Data listing
+---+
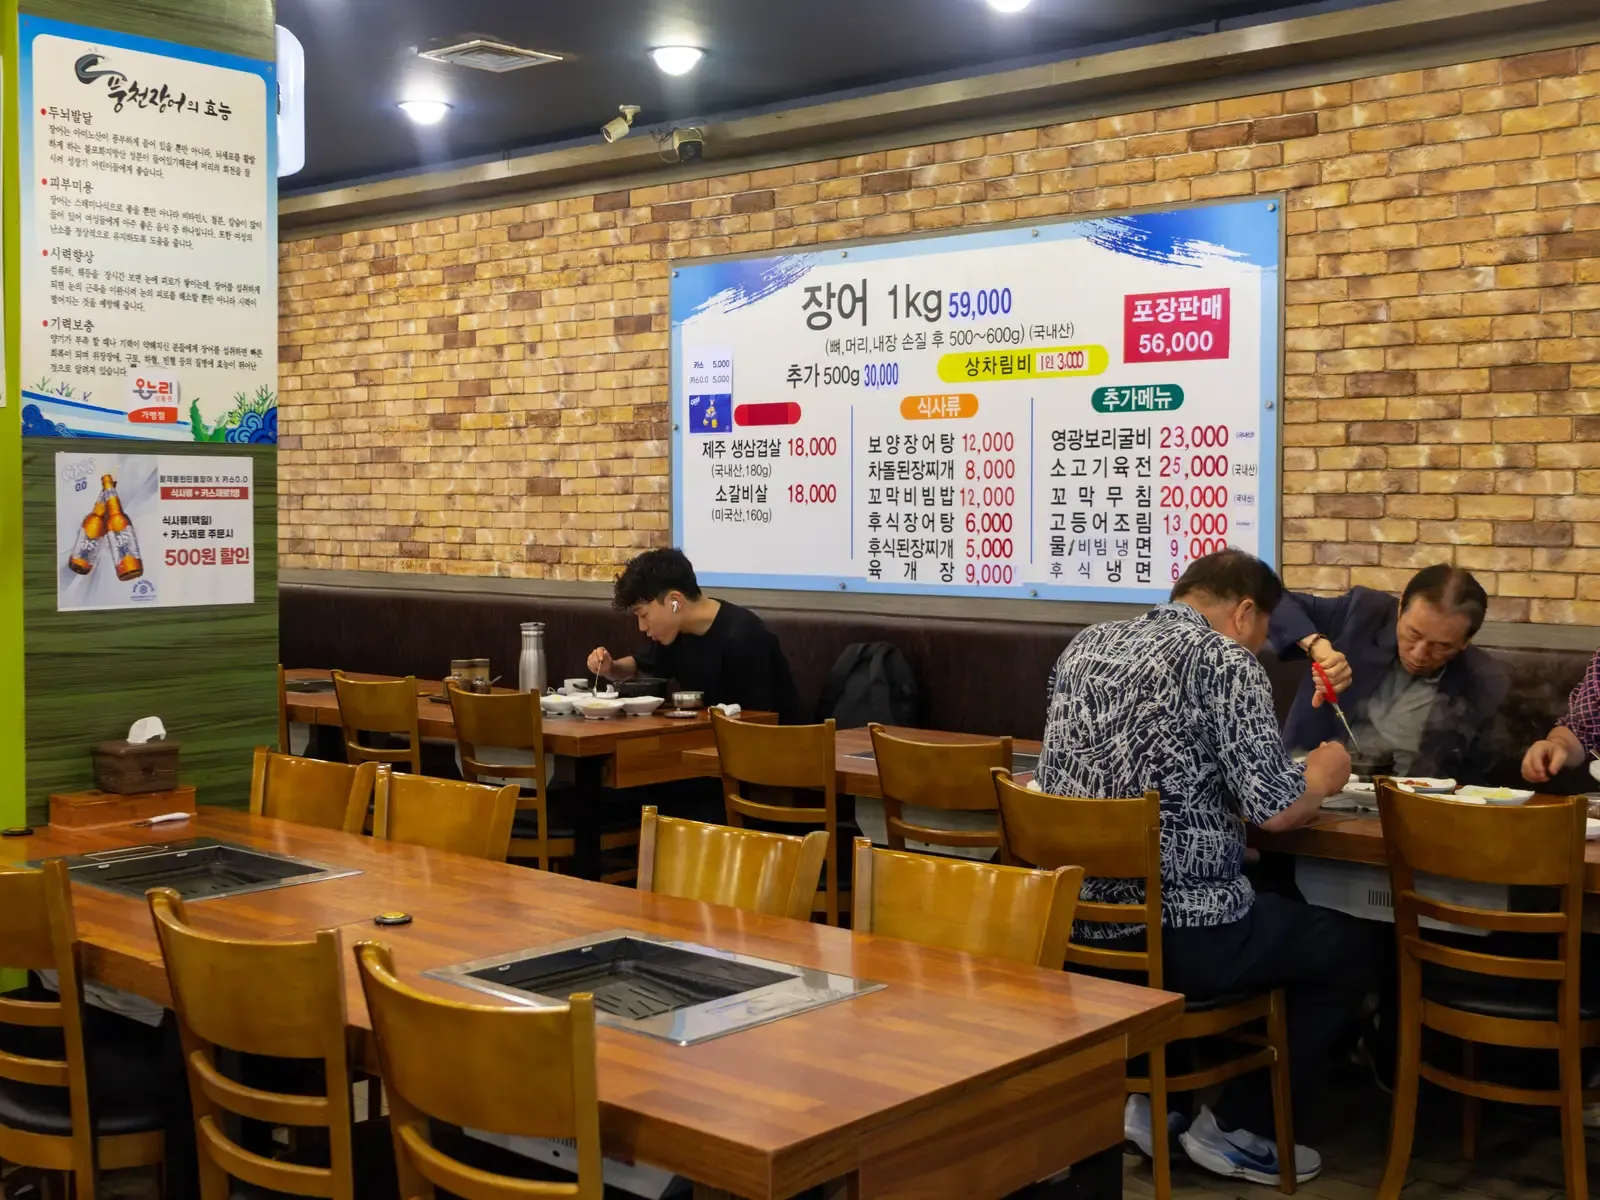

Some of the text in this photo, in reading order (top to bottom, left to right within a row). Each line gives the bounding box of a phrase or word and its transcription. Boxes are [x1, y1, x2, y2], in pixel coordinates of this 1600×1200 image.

[48, 106, 92, 125] 두뇌발달
[204, 99, 232, 121] 효능
[49, 124, 70, 137] 장어는
[50, 176, 94, 194] 피부미용
[50, 195, 72, 207] 장어는
[50, 246, 94, 264] 시력향상
[802, 278, 1012, 330] 장어 1kg 59,000
[1132, 294, 1222, 324] 포장판매
[50, 316, 95, 333] 기력보충
[824, 320, 1074, 356] (뼈,머리,내장 손질 후 500~600g) (국내산)
[1138, 330, 1214, 356] 56,000
[694, 360, 704, 368] 카스
[965, 353, 1032, 377] 상차림비
[786, 362, 899, 390] 추가 500g 30,000
[917, 396, 961, 417] 식사류
[1102, 386, 1172, 411] 추가메뉴
[141, 411, 165, 420] 가맹점
[702, 436, 837, 459] 제주 생삼겹살 18,000
[868, 432, 1014, 455] 보양장어탕 12,000
[1051, 424, 1228, 451] 영광보리굴비 23,000
[712, 464, 772, 478] (국내산,180g)
[868, 459, 1015, 483] 차돌된장찌개 8,000
[1050, 455, 1258, 480] 소고기육전 25,000 (국내산)
[715, 484, 837, 506] 소갈비살 18,000
[868, 486, 1015, 508] 꼬막비빔밥 12,000
[1050, 485, 1150, 508] 꼬막무침
[1160, 485, 1228, 510] 20,000
[162, 515, 212, 526] 식사류(택일)
[712, 508, 772, 523] (미국산,160g)
[868, 512, 1013, 536] 후식장어탕 6,000
[1050, 512, 1228, 538] 고등어조림 13,000
[171, 529, 206, 540] 카스제로
[208, 528, 234, 538] 주문시
[164, 547, 250, 566] 500원 할인
[868, 538, 1014, 560] 후식된장찌개 5,000
[1170, 538, 1228, 562] 9,000
[966, 564, 1012, 586] 9,000
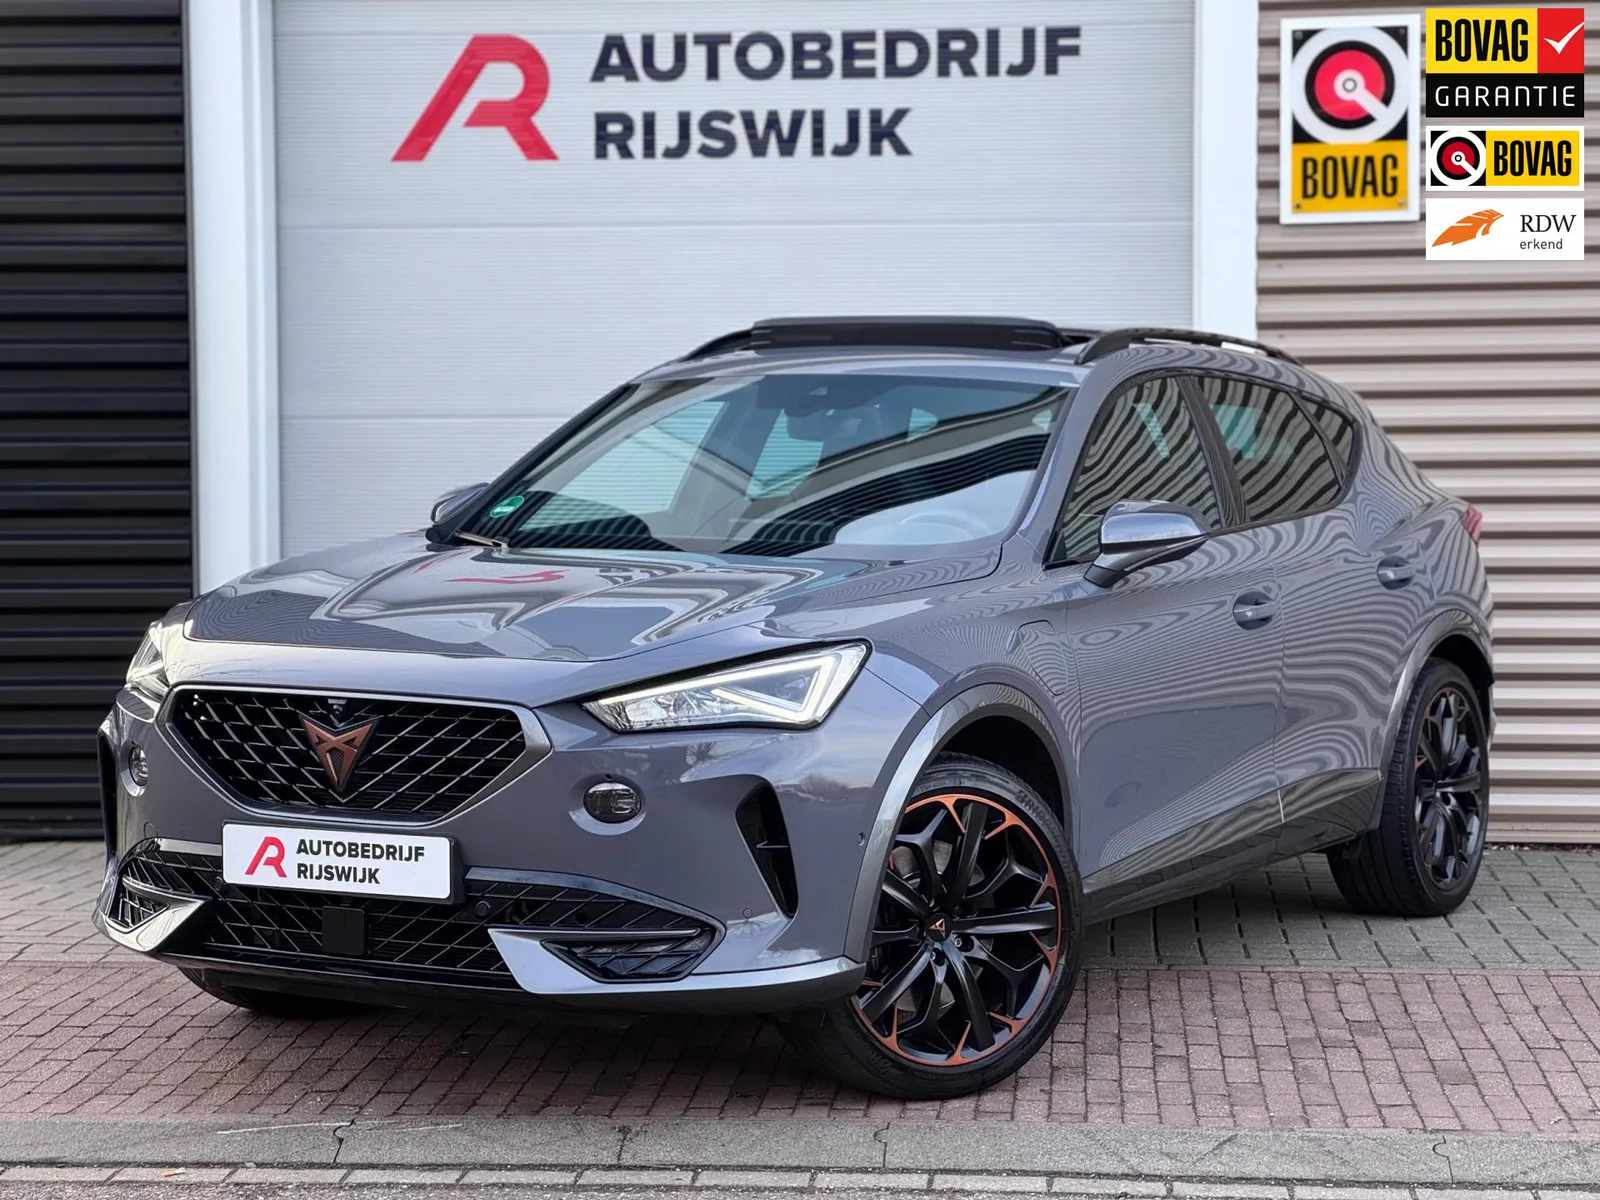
+---+
Prompt
Once the pictures are set aside, write out the entries verbatim.

Output of the exercise
Some of the text in this photo, in reading order (top to bottom, left to right within a row). Each line gives the bounding box of a phrase or word and its transcription. Boxes are [x1, y1, x2, y2], in pixel coordinates of this 1600×1200 image.

[48, 106, 92, 125] 두뇌발달
[204, 99, 232, 121] 효능
[49, 124, 70, 137] 장어는
[50, 176, 94, 194] 피부미용
[50, 195, 72, 207] 장어는
[50, 246, 94, 264] 시력향상
[802, 278, 1012, 330] 장어 1kg 59,000
[1132, 294, 1222, 324] 포장판매
[50, 316, 95, 333] 기력보충
[824, 320, 1074, 356] (뼈,머리,내장 손질 후 500~600g) (국내산)
[1138, 330, 1214, 356] 56,000
[694, 360, 704, 368] 카스
[965, 353, 1032, 377] 상차림비
[786, 362, 899, 390] 추가 500g 30,000
[917, 396, 961, 417] 식사류
[1102, 386, 1172, 411] 추가메뉴
[141, 411, 165, 420] 가맹점
[702, 436, 837, 459] 제주 생삼겹살 18,000
[868, 432, 1014, 455] 보양장어탕 12,000
[1051, 424, 1228, 451] 영광보리굴비 23,000
[712, 464, 772, 478] (국내산,180g)
[868, 459, 1015, 483] 차돌된장찌개 8,000
[1050, 455, 1258, 480] 소고기육전 25,000 (국내산)
[715, 484, 837, 506] 소갈비살 18,000
[868, 486, 1015, 508] 꼬막비빔밥 12,000
[1050, 485, 1150, 508] 꼬막무침
[1160, 485, 1228, 510] 20,000
[162, 515, 212, 526] 식사류(택일)
[712, 508, 772, 523] (미국산,160g)
[868, 512, 1013, 536] 후식장어탕 6,000
[1050, 512, 1228, 538] 고등어조림 13,000
[171, 529, 206, 540] 카스제로
[208, 528, 234, 538] 주문시
[164, 547, 250, 566] 500원 할인
[868, 538, 1014, 560] 후식된장찌개 5,000
[1170, 538, 1228, 562] 9,000
[966, 564, 1012, 586] 9,000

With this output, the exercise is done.